======== Dataset records ========
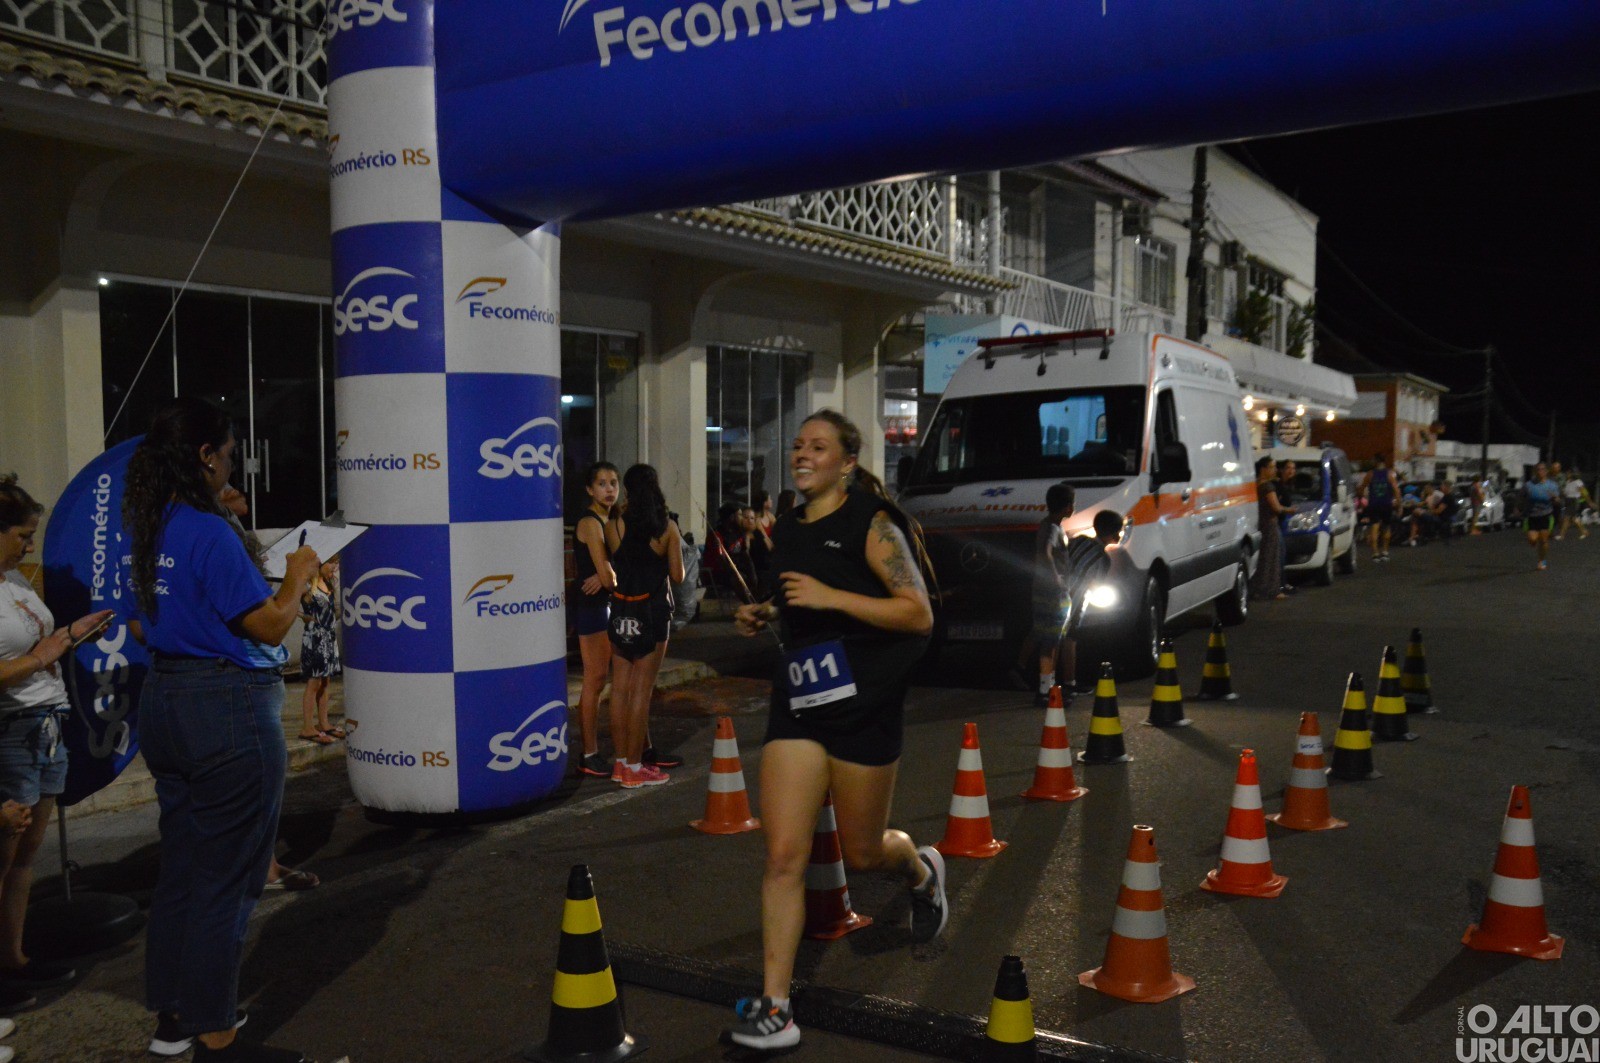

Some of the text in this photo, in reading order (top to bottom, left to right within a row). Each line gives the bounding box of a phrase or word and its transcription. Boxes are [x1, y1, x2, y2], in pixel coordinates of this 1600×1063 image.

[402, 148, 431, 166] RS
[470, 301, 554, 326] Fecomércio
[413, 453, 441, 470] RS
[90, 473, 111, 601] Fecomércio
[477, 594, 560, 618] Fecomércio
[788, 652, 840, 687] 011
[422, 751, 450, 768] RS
========
* Action item: Pictures are to be left out when the entries above are repeated exactly.

* Written reply:
Some of the text in this photo, in reading order (top to bottom, left to right within a row). Each line gives the bounding box of a phrase or word and its transcription. Boxes are [x1, y1, x2, y2], in pixel coordinates of this 1600×1063 image.

[402, 148, 431, 166] RS
[470, 301, 554, 326] Fecomércio
[413, 453, 441, 470] RS
[90, 473, 111, 601] Fecomércio
[477, 594, 560, 618] Fecomércio
[788, 652, 840, 687] 011
[422, 751, 450, 768] RS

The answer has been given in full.